Like typical guys, my friends and I like to put sexual spins on everything we do/say/think. Around the spring of 1998, we began cumming up with sexual expressions for seemingly innocent words. We coined these words and phrases sexual euphemisms or screwphemisms. Please find below a list of screwphemisms.
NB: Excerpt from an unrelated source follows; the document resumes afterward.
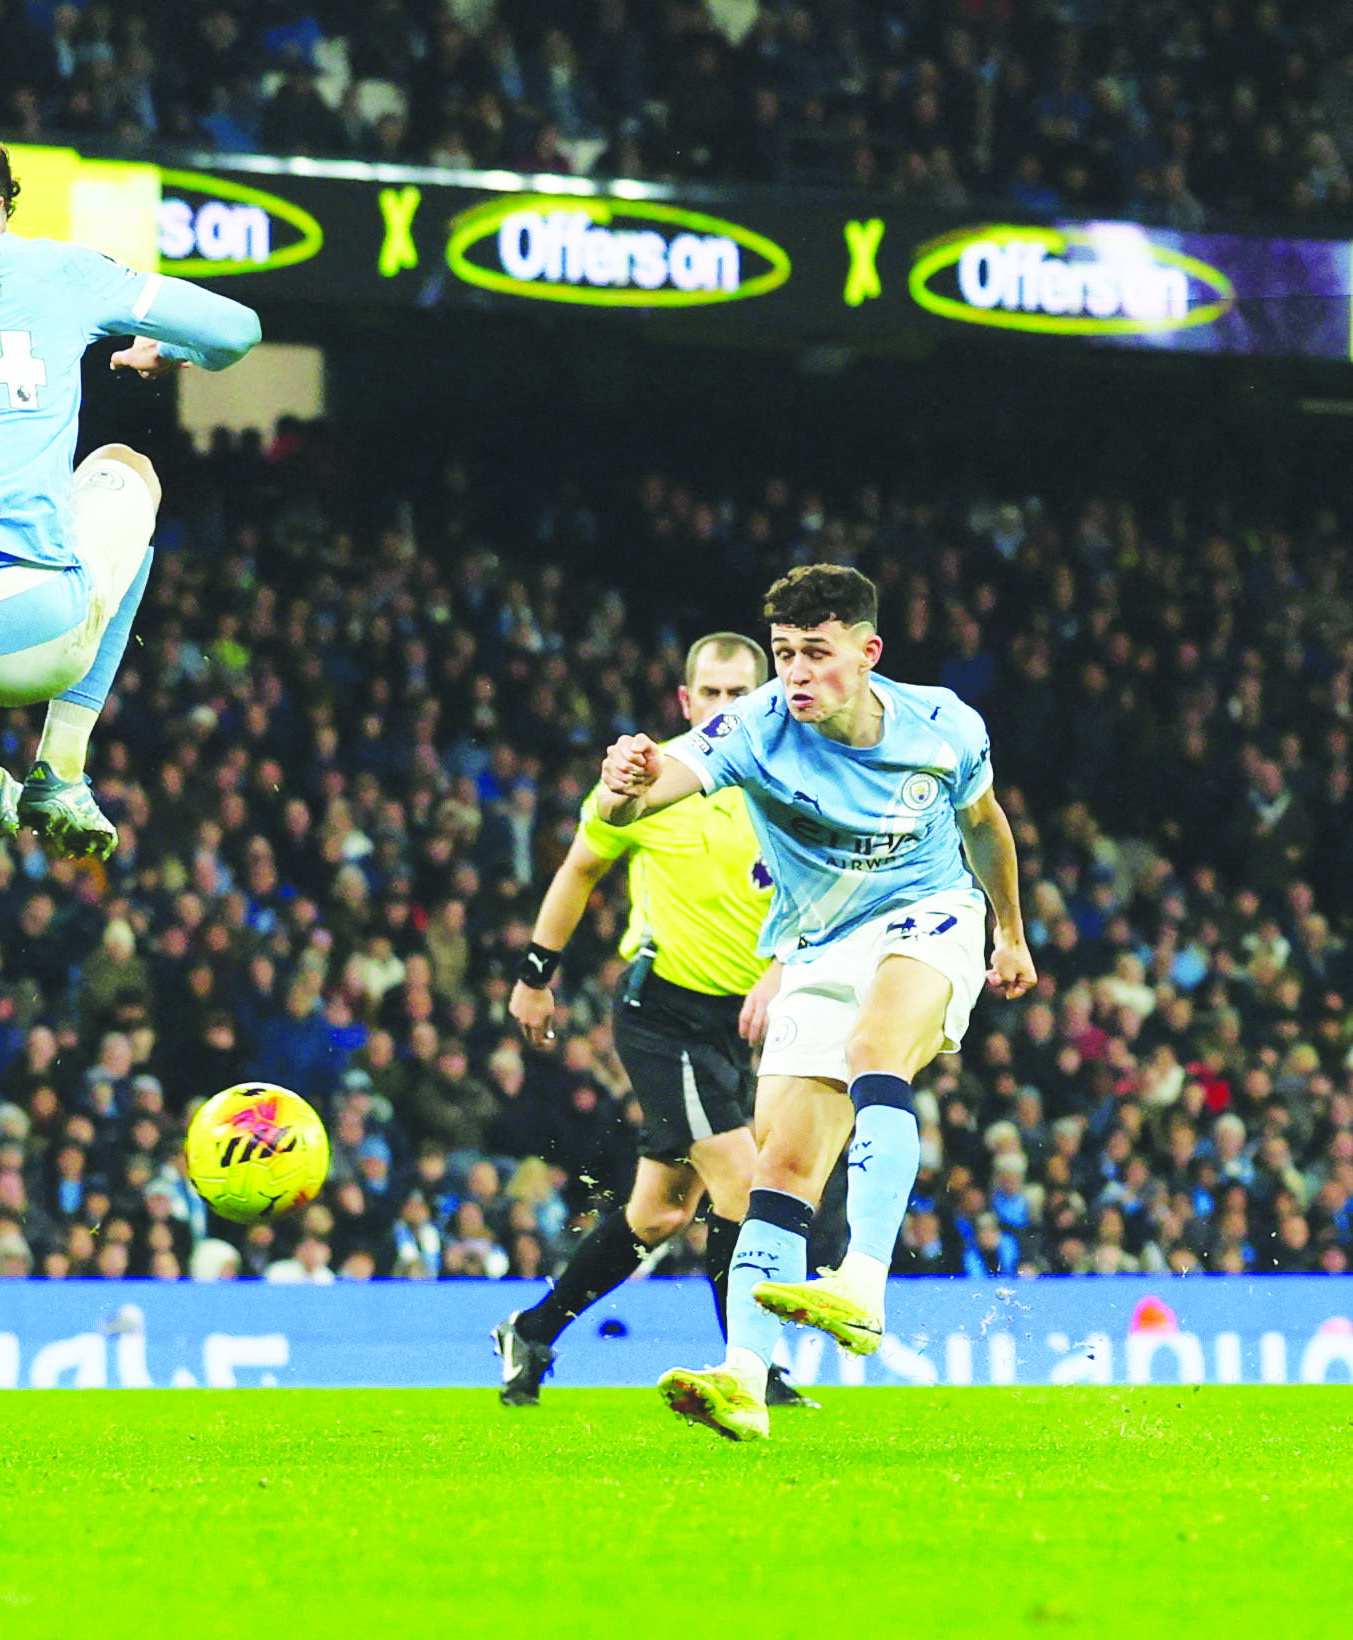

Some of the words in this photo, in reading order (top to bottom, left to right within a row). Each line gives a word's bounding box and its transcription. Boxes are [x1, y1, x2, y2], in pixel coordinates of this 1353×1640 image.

[498, 210, 667, 288] Offers
[669, 232, 740, 293] on
[826, 855, 896, 872] AIRW
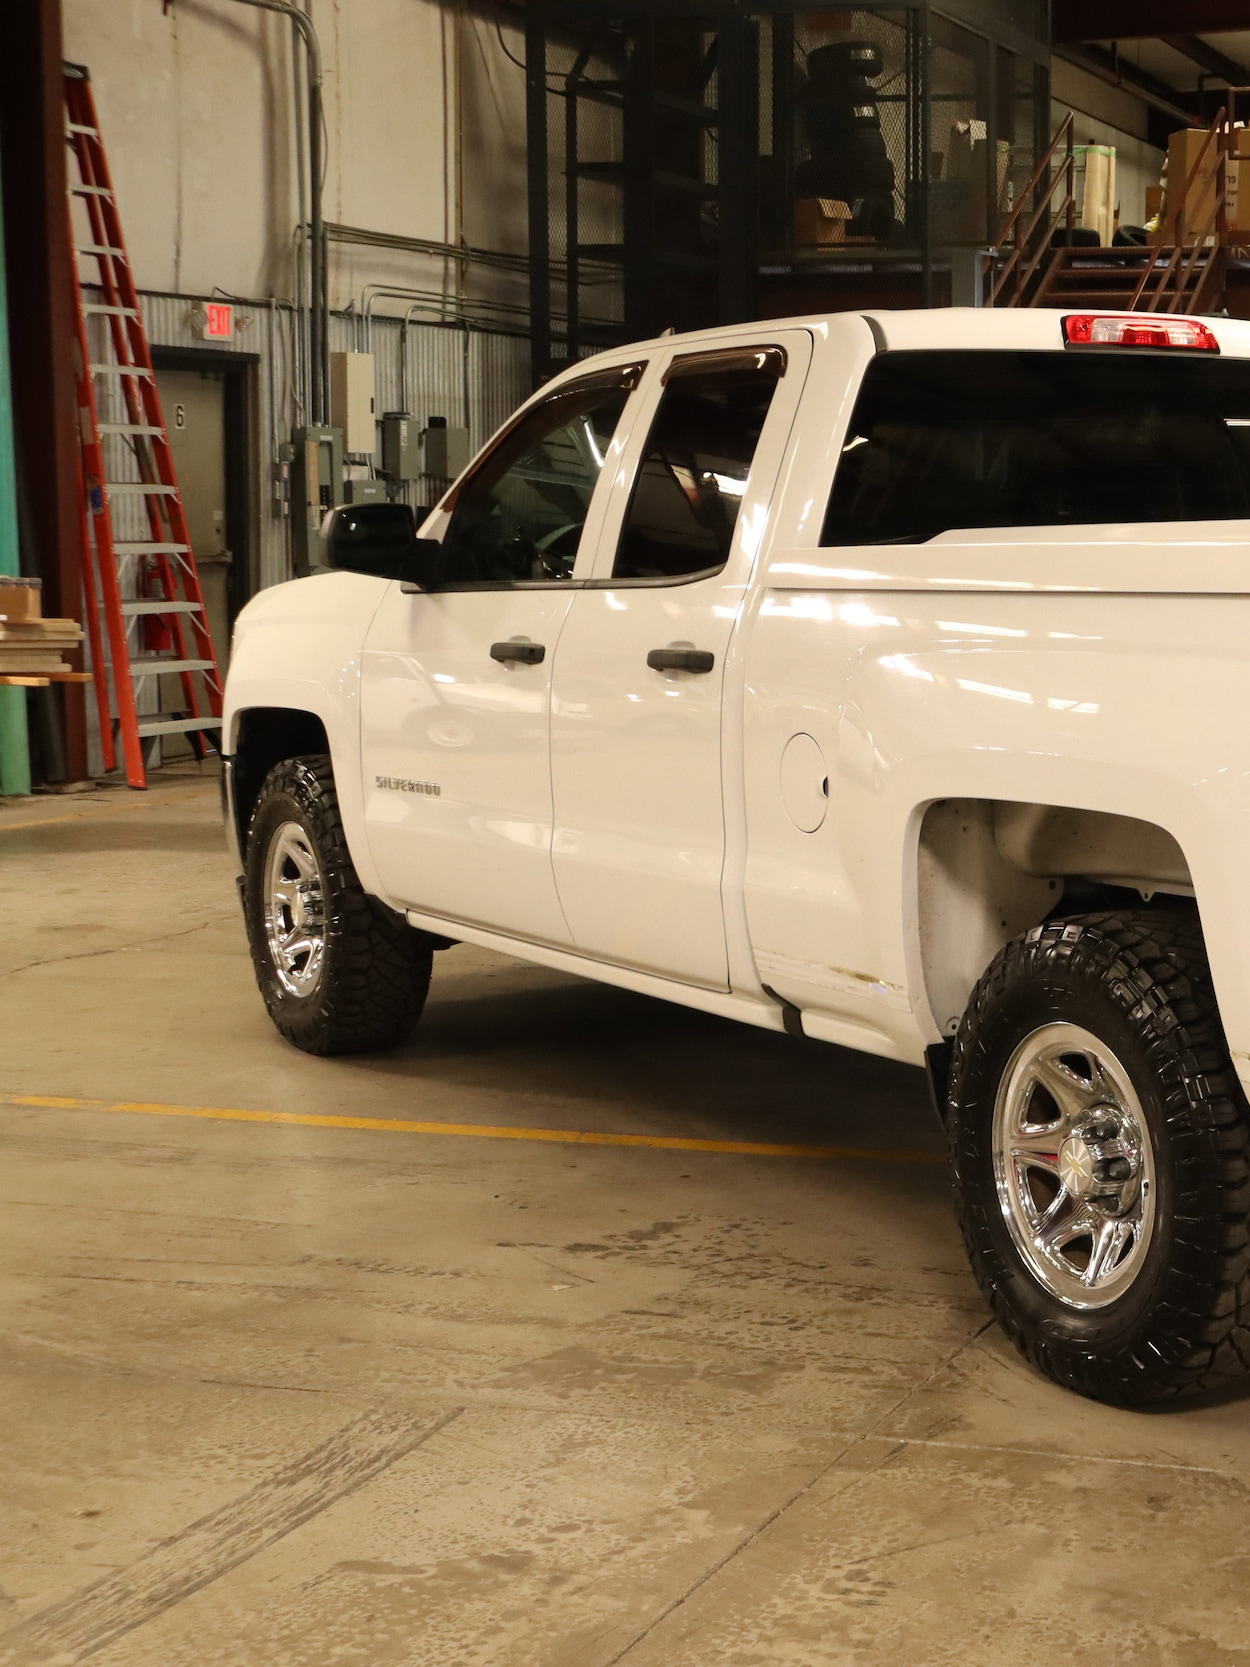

If you have any to add, don't be afraid to suggest some.

Cappuccino - Snatchuccino
Citronella - Clitronella
College Boulevard - College Boulenard
Compliment - Cumpliment
Congratulations - Cumsnatchulations
Contemporary - Cuntemporary
Cotton Candy - Cotton Panties
Countdown - Cuntdown
Dictionary - Dicktionary
Easter Egg Hunt - Easter Egg Cunt
Lincoln Continental - Lincoln Cuntinental
Massachusetts - Snatchachusetts
Mission Road - Mission Choad
Public Transportation - Pubic Transportation
Scratch 'n' Sniff Stickers - Snatch 'n' Sniff Stickers
Statutory Rape - Snatchutory Rape
Text messages - Sext messages
Thank You Very Much - Spank You Cherry/Hairy Muff
Timex Indiglo Watch - Climax In Da Hoe's Twatch (thanks Rustle)
VCR - Fece R

Thursday, March 30, 2006

Obsolescence

What are kids going to sit on at the dinner table once phonebooks are obsolete?

Are phonebooks obsolete? Most nearly. I search Google Local before I pick up the phonebook. Heck, I don't even have a phonebook in my apartment. That shouldn't be surprising though; I don't have a manual can opener. How is it that I prefer a manual can opener to an electric one? Shouldn't an electric model supplant every manual tool?